Input data:
---*---

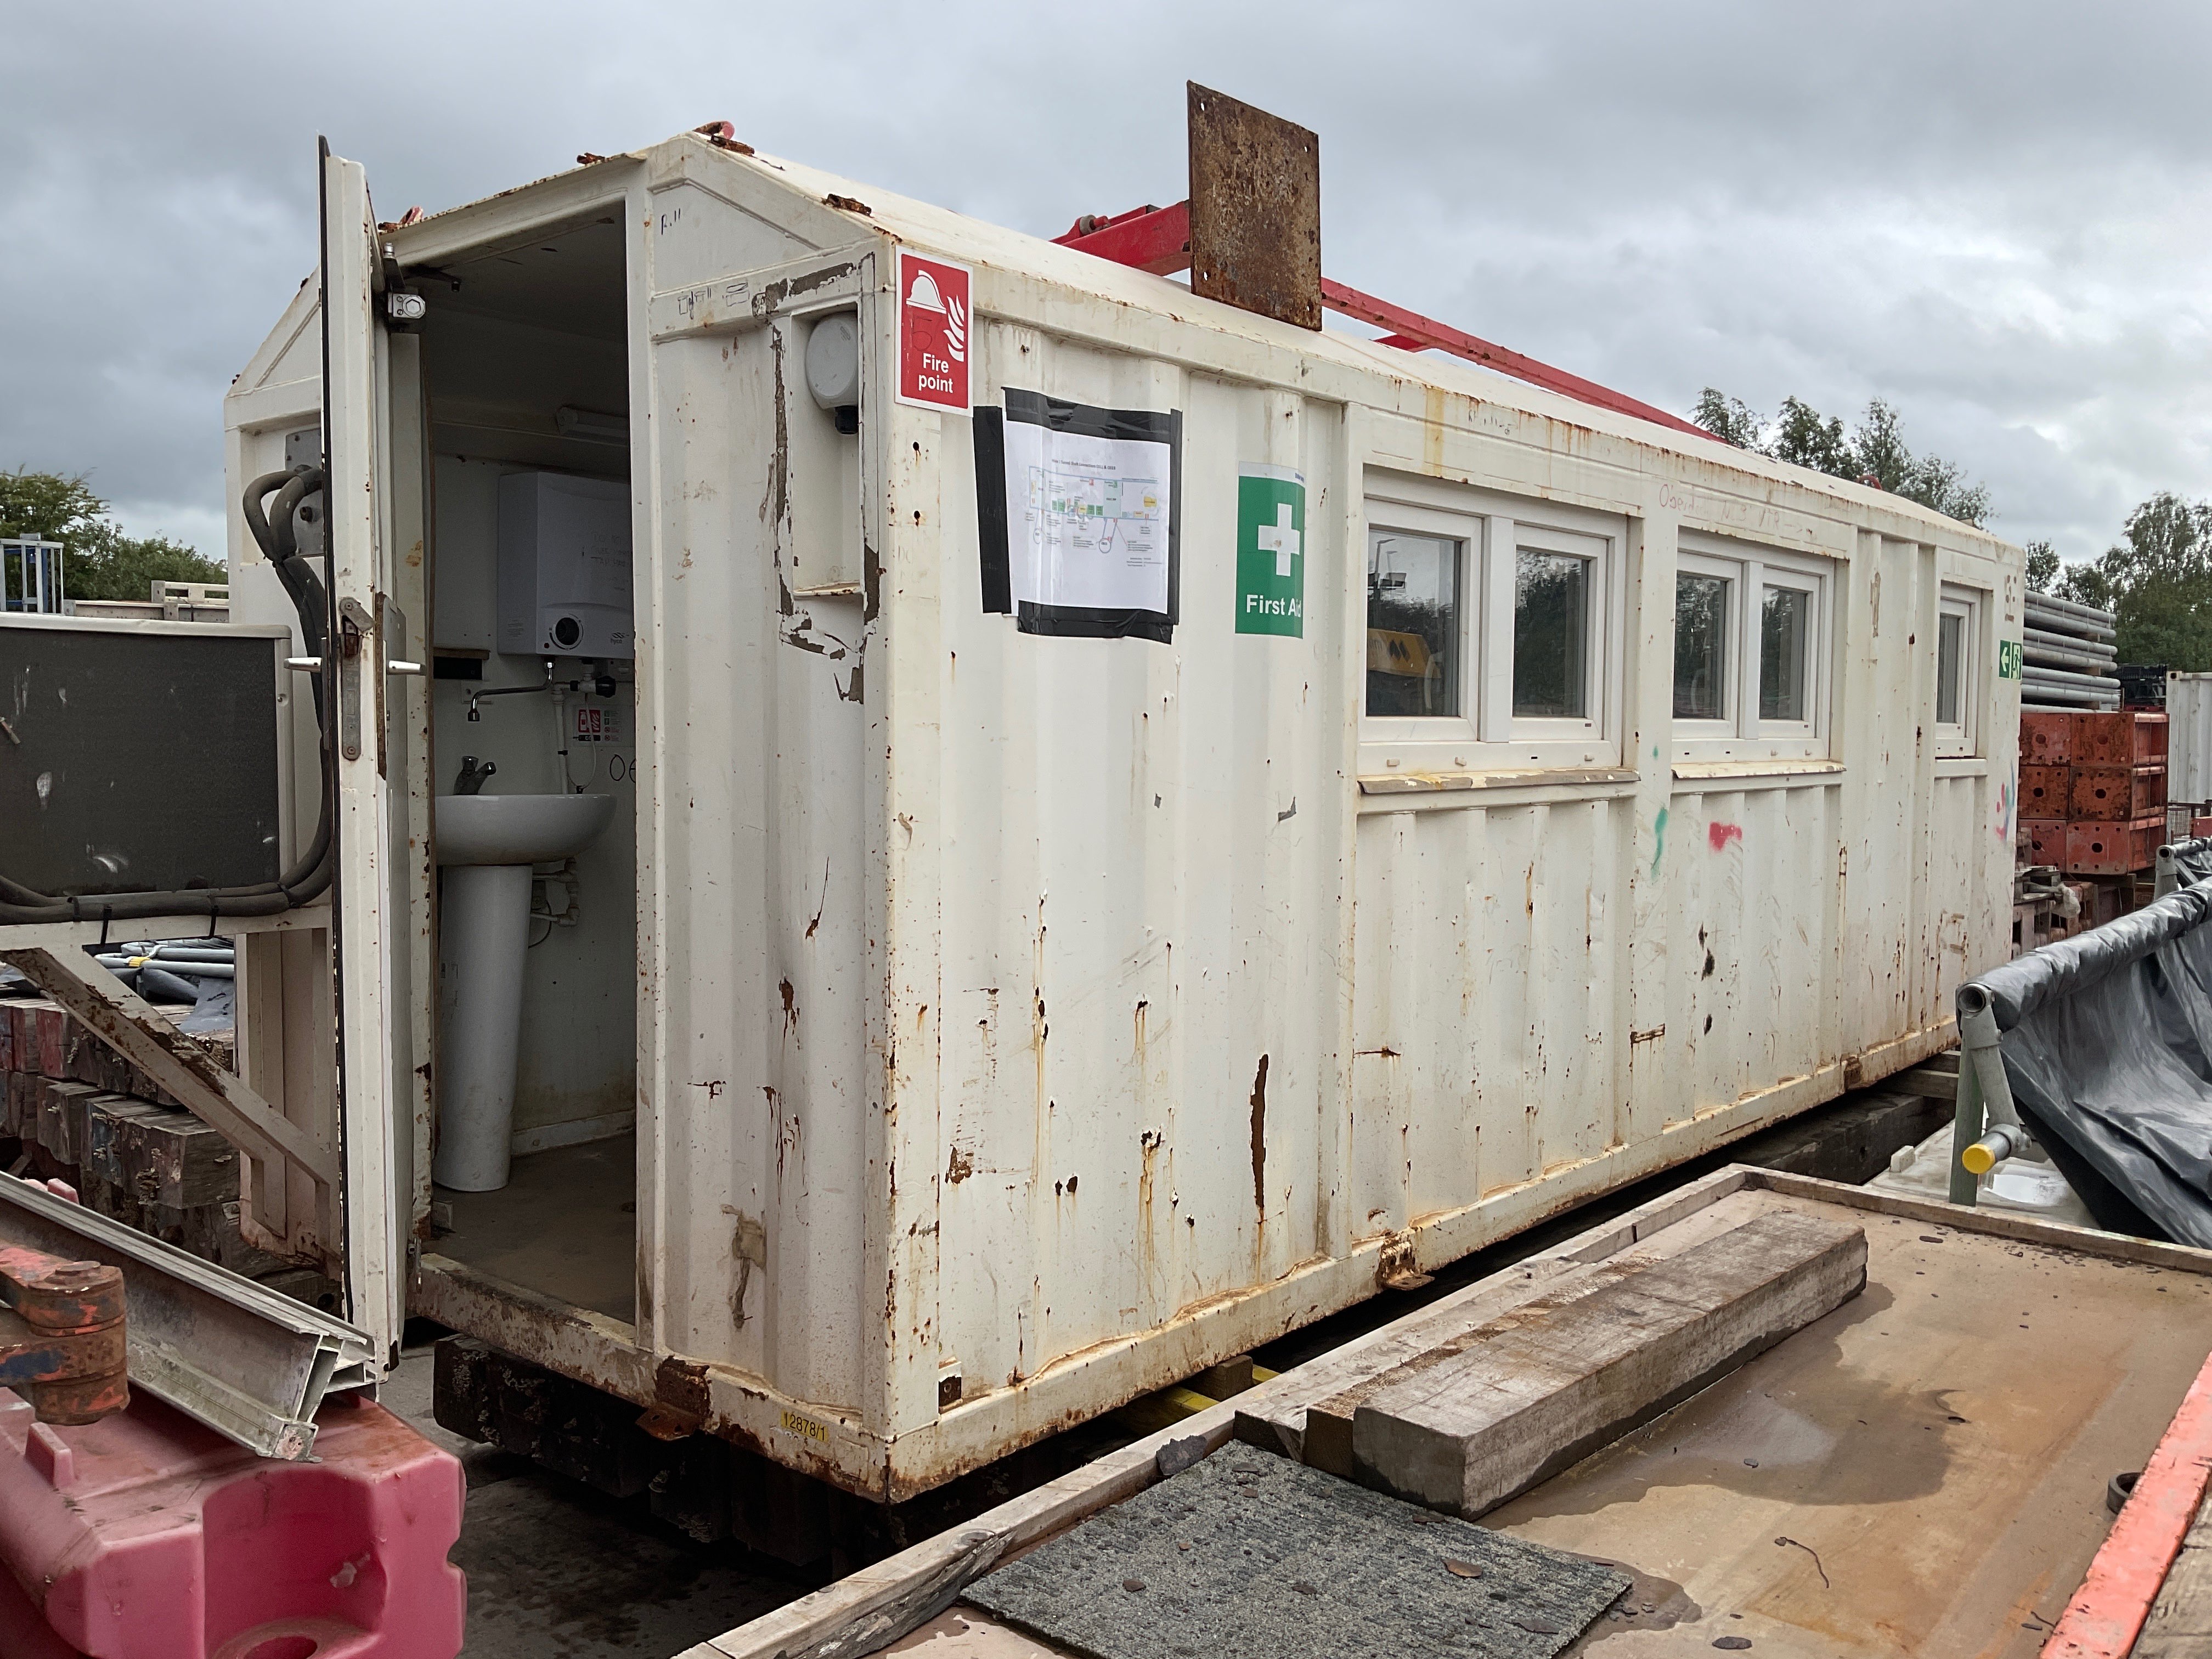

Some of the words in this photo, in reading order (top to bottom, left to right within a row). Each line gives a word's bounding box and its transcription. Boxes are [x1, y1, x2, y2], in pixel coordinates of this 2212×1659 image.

[923, 353, 949, 374] Fire
[918, 374, 953, 393] point
[1246, 594, 1285, 616] First
[1288, 597, 1301, 618] Aid
[784, 1412, 826, 1441] 12878/1
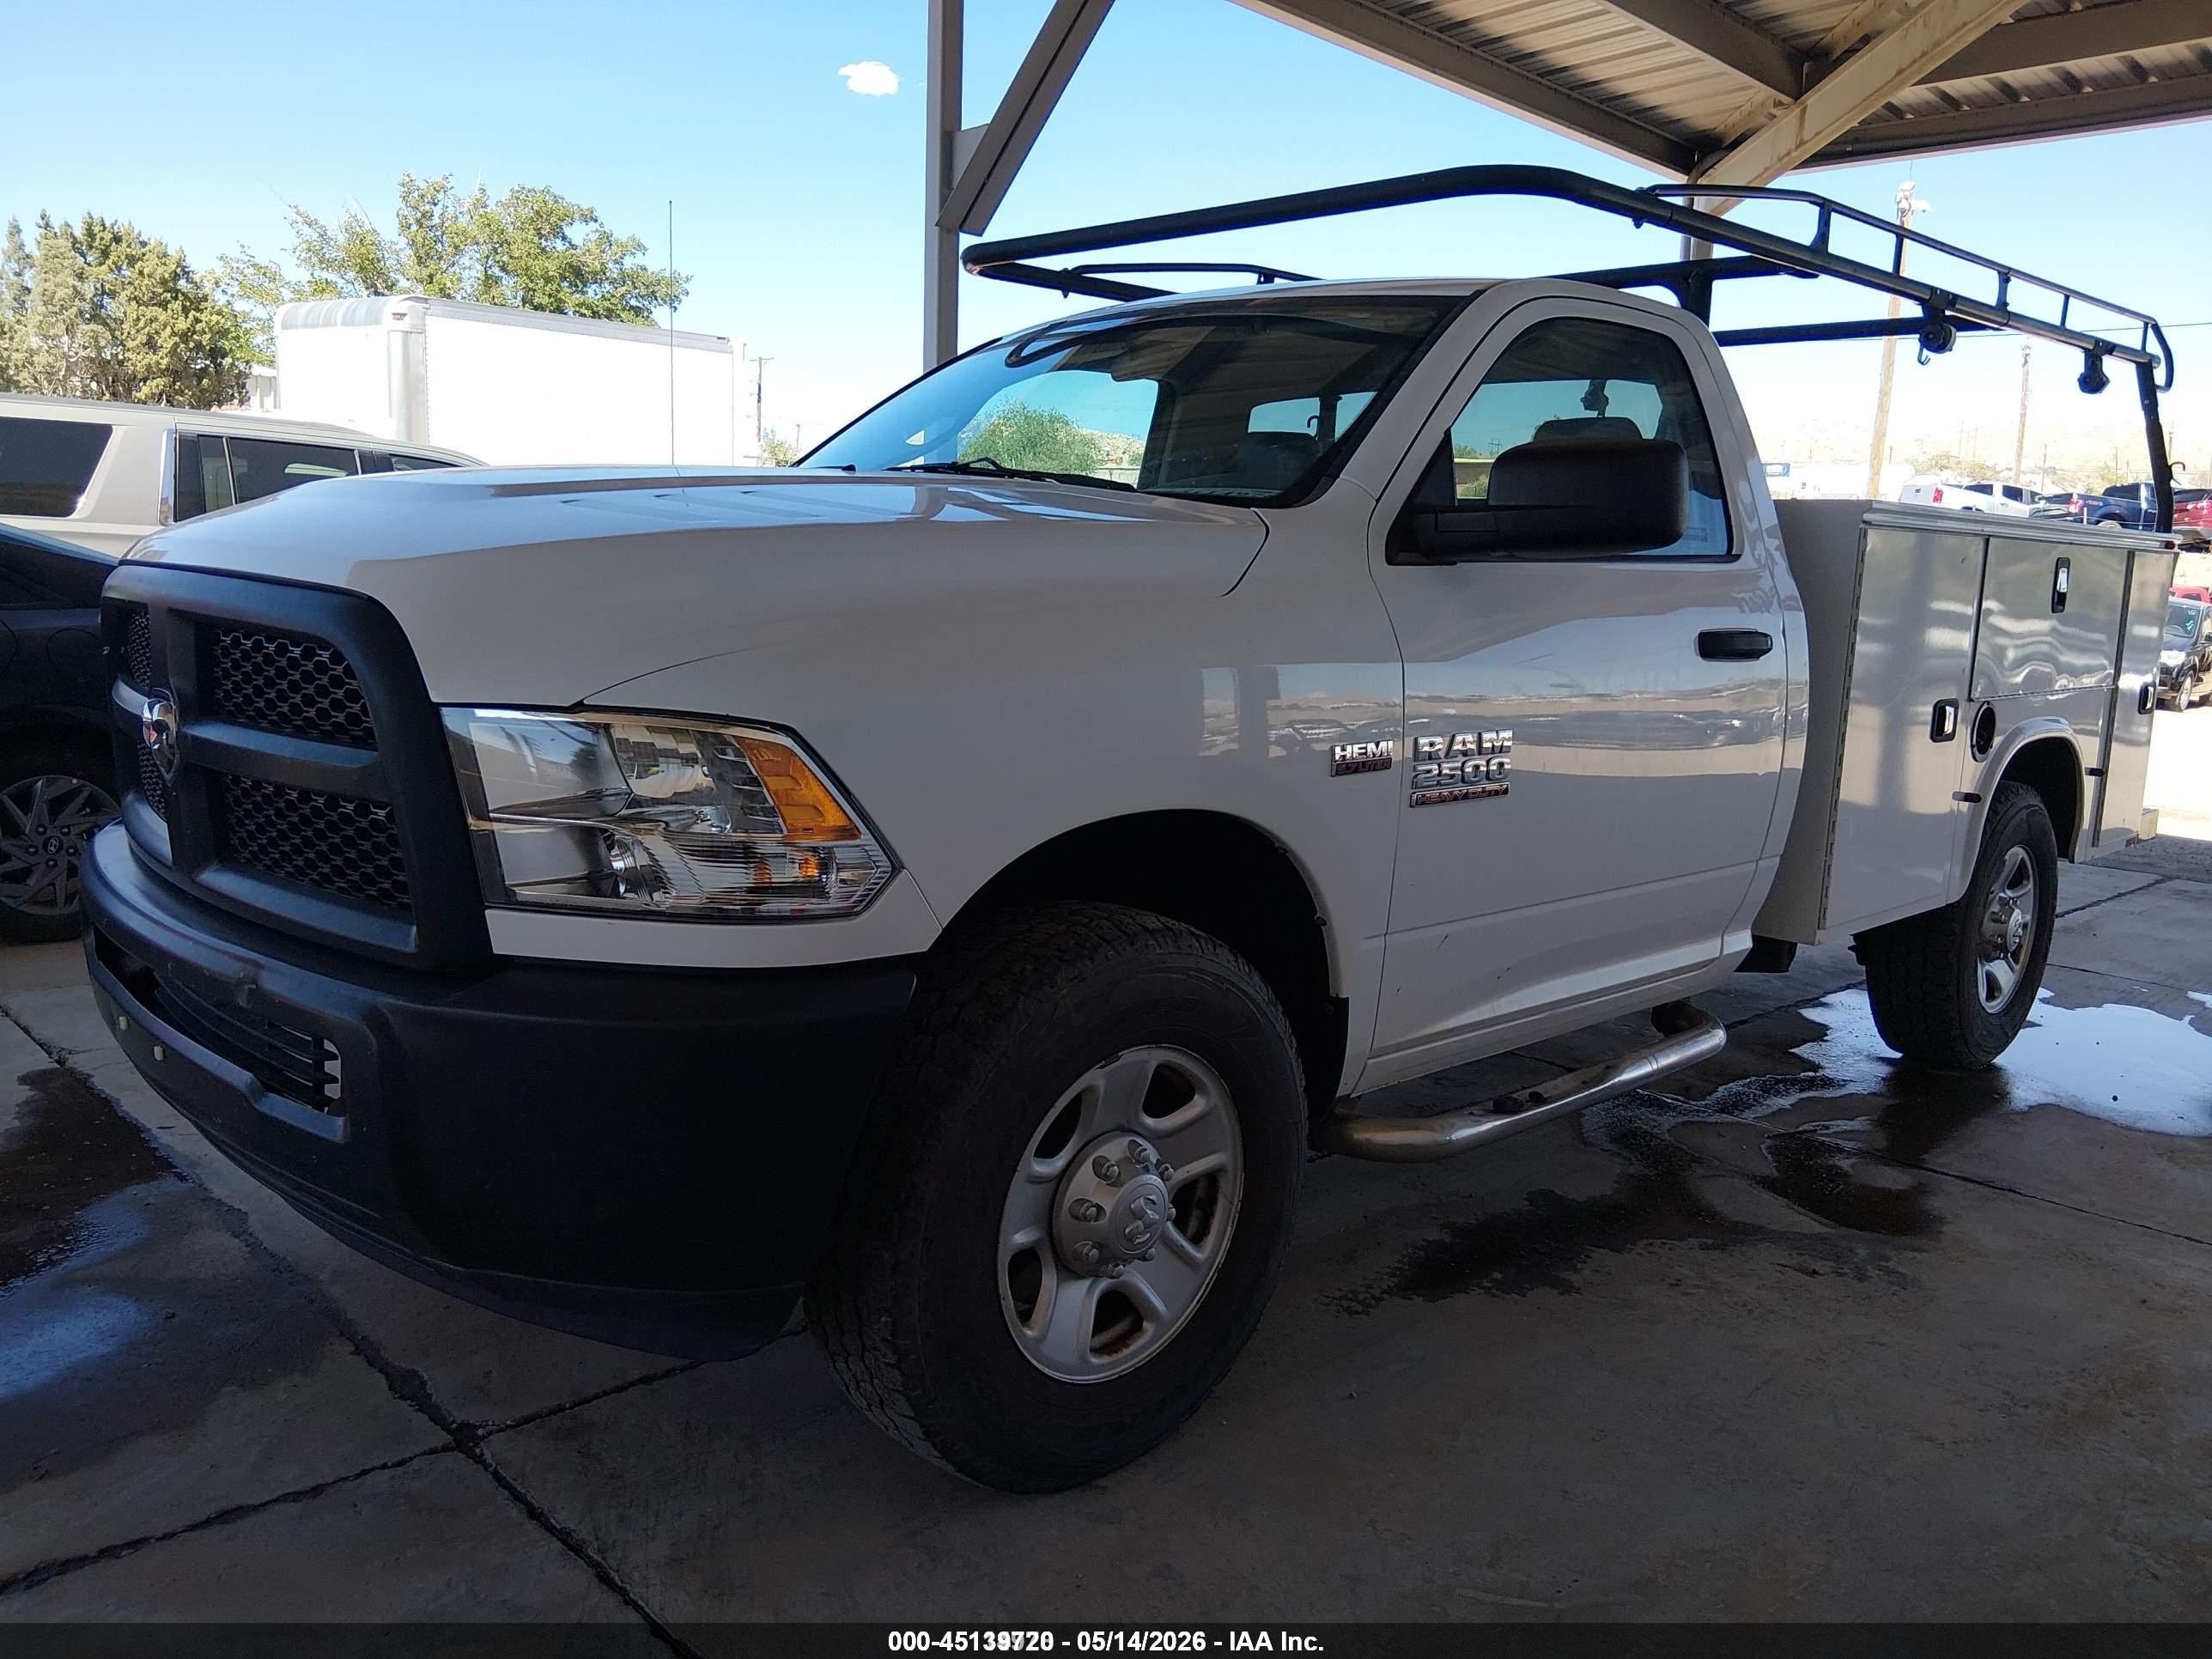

---*---

Return the records word for word, leaving every picture out of the copy.

Written answer:
Some of the words in this photo, in reading order (top to bottom, left to right within a row). Each line gives a word's bounding box and its transcription. Boxes are [x1, y1, x2, y2], in pixel coordinates of this 2212×1659 image.

[923, 353, 949, 374] Fire
[918, 374, 953, 393] point
[1246, 594, 1285, 616] First
[1288, 597, 1301, 618] Aid
[784, 1412, 826, 1441] 12878/1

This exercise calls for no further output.